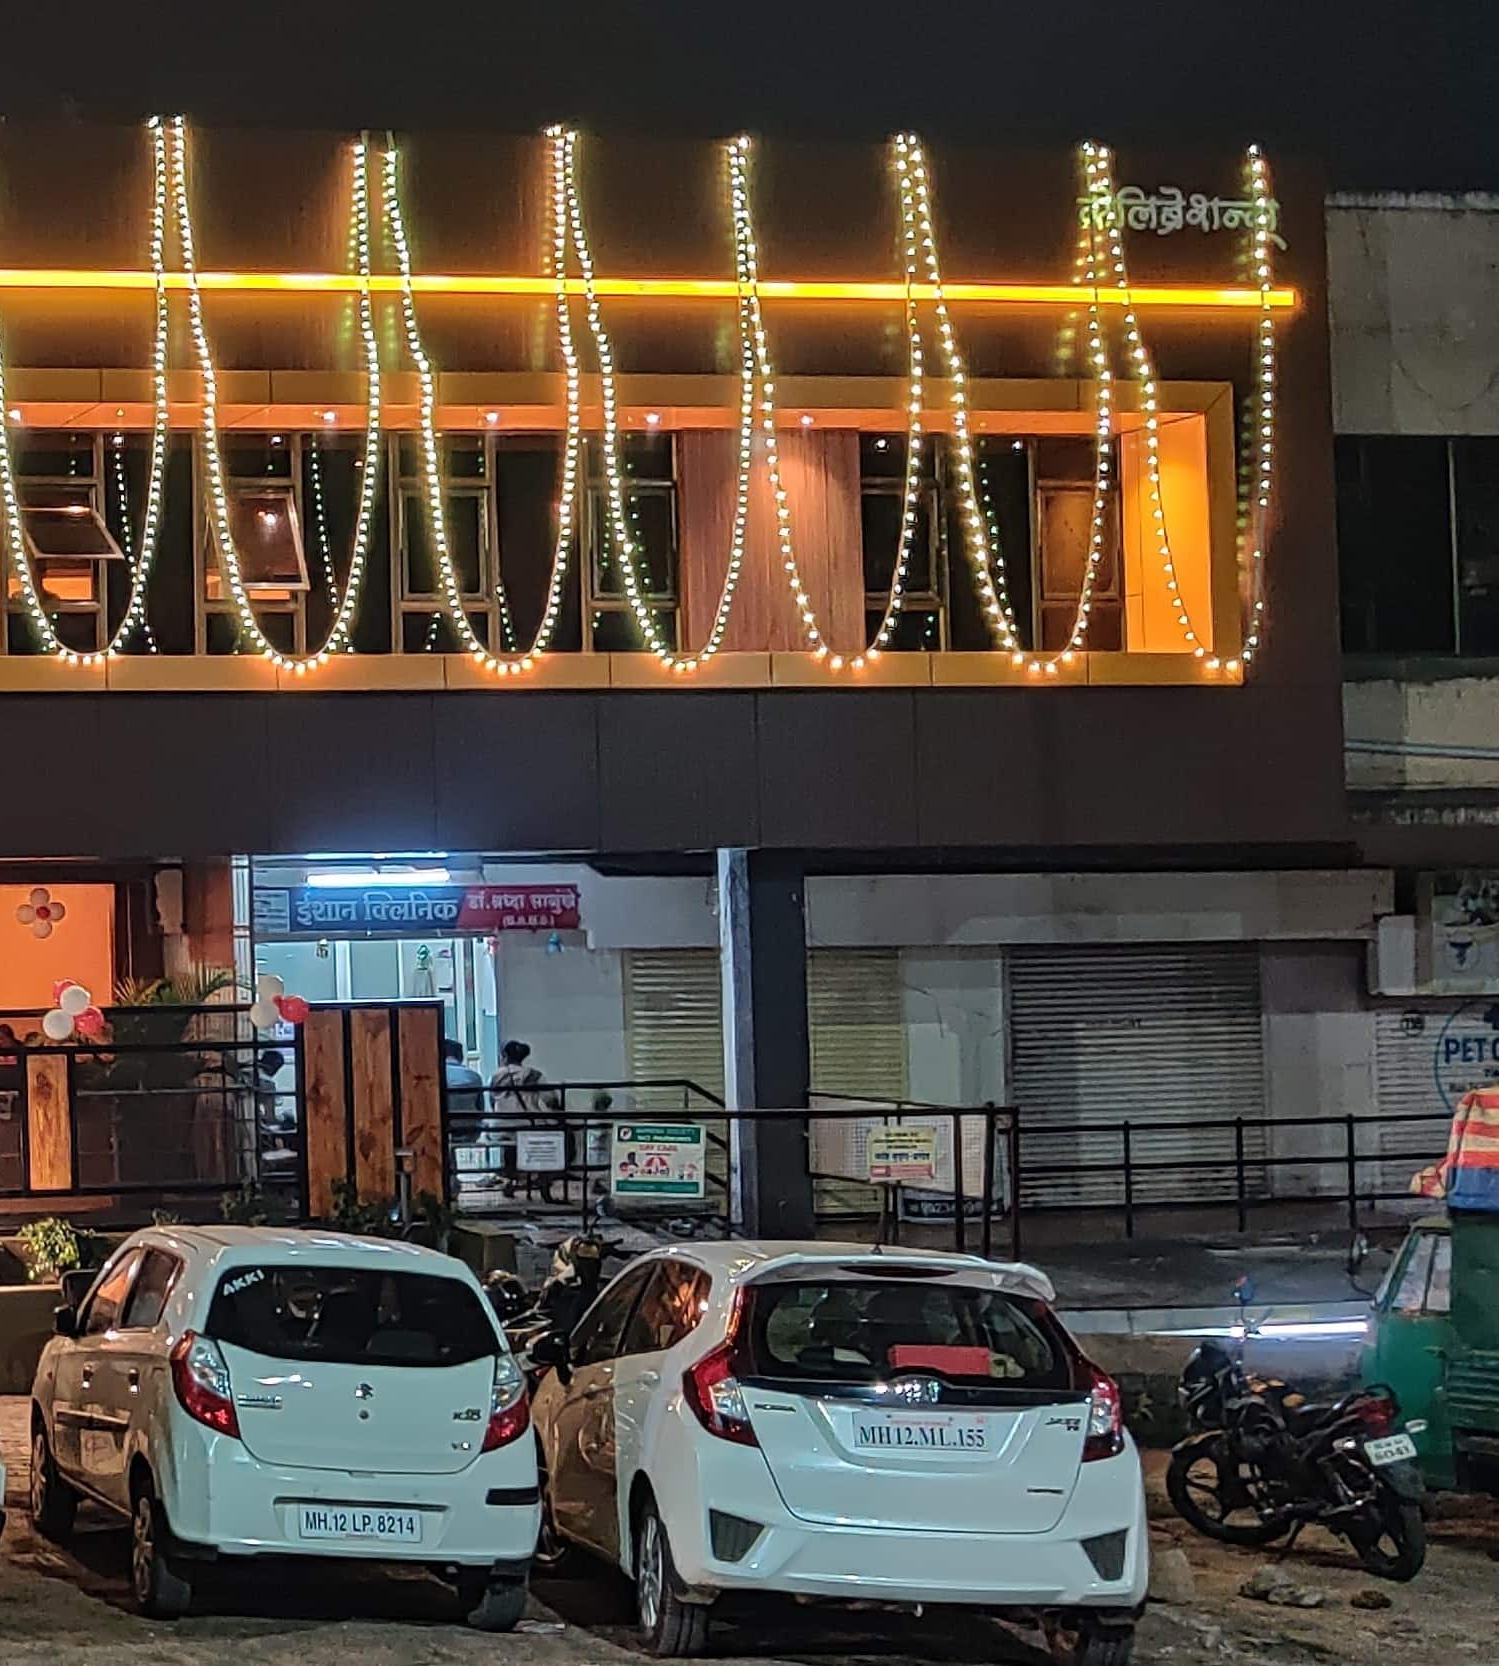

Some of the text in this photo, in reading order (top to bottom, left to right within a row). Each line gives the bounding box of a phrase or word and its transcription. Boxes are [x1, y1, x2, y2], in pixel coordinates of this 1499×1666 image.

[296, 891, 358, 926] ईशान
[363, 890, 460, 922] क्लिनिक
[1444, 1036, 1487, 1065] PET
[223, 1269, 265, 1297] AKKI
[377, 1515, 415, 1535] 8214
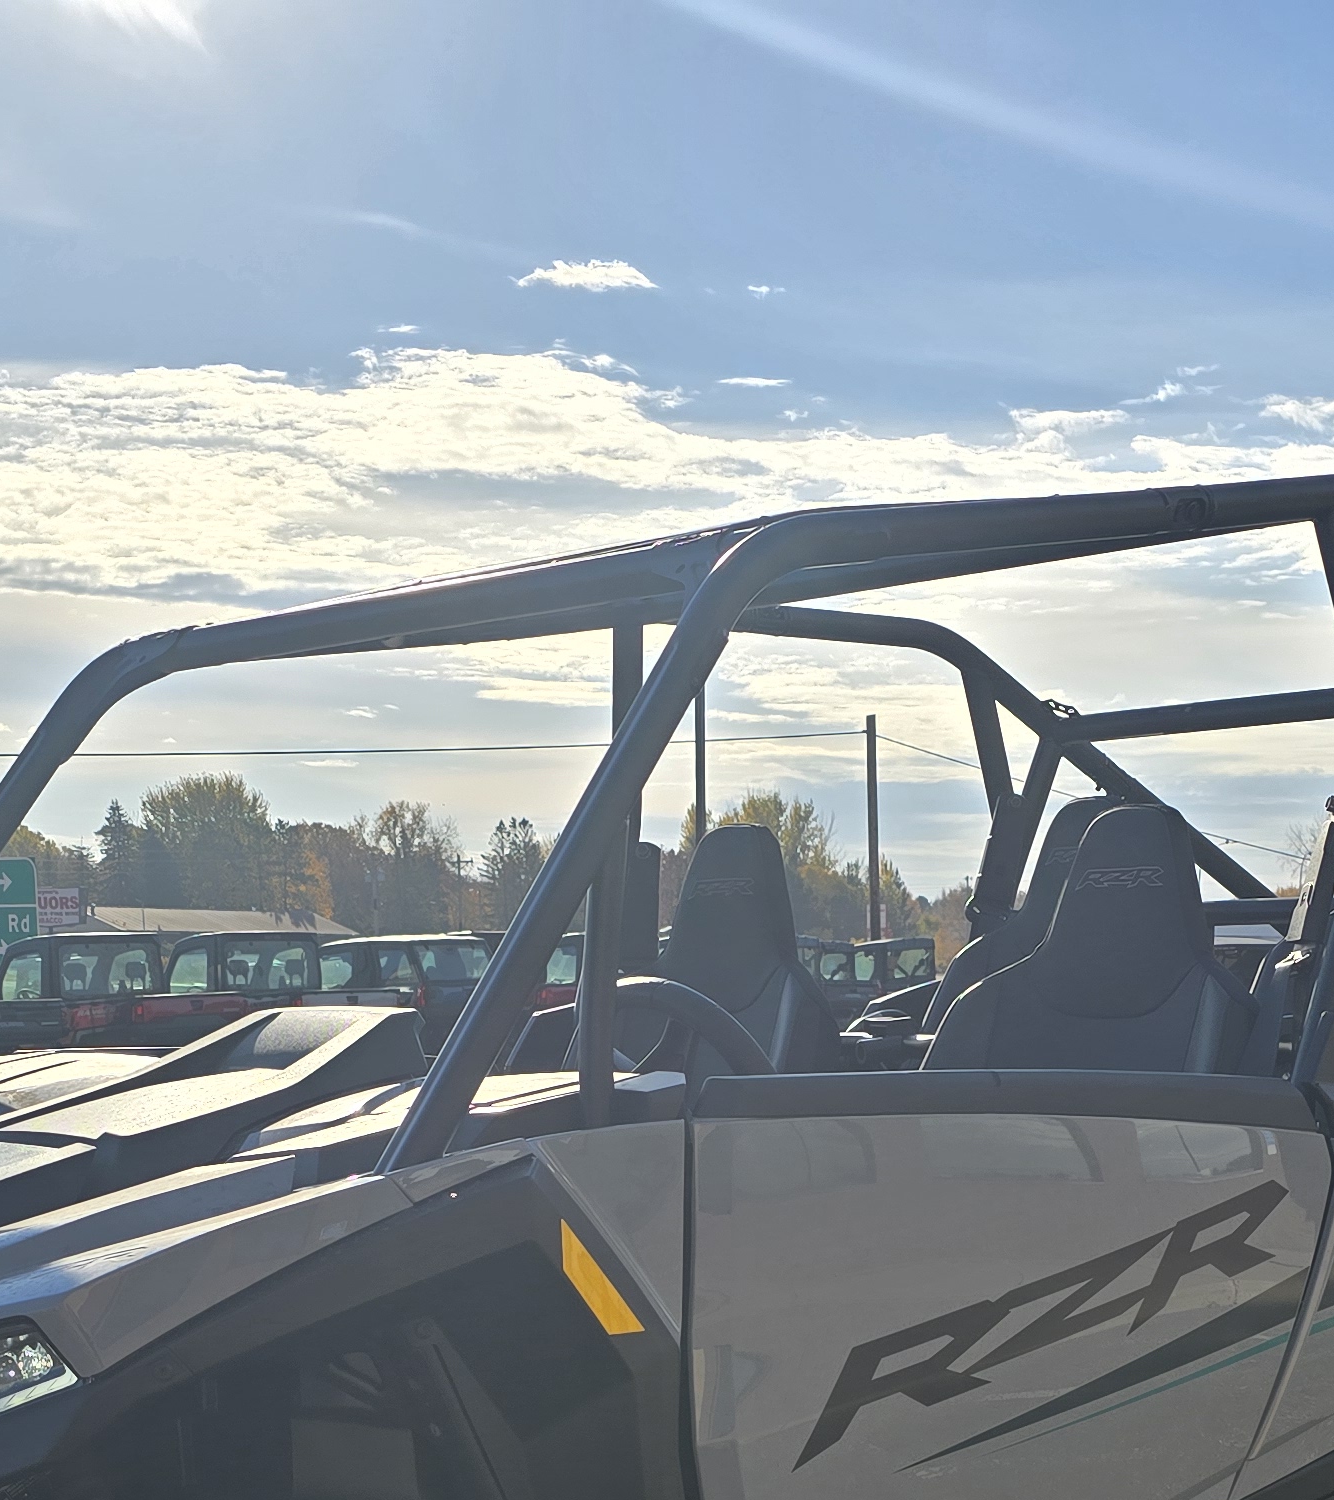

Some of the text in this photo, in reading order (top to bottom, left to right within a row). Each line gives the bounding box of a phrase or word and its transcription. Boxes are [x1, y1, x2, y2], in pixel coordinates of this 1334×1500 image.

[1075, 866, 1165, 891] RZR
[8, 913, 30, 933] Rd
[792, 1179, 1290, 1473] RZR

_Work required_. Begin with the line containing "this 1334×1500 image." and repeat each line exactly until the records above end.

_Response_.
Some of the text in this photo, in reading order (top to bottom, left to right within a row). Each line gives the bounding box of a phrase or word and its transcription. Boxes are [x1, y1, x2, y2], in pixel coordinates of this 1334×1500 image.

[1075, 866, 1165, 891] RZR
[8, 913, 30, 933] Rd
[792, 1179, 1290, 1473] RZR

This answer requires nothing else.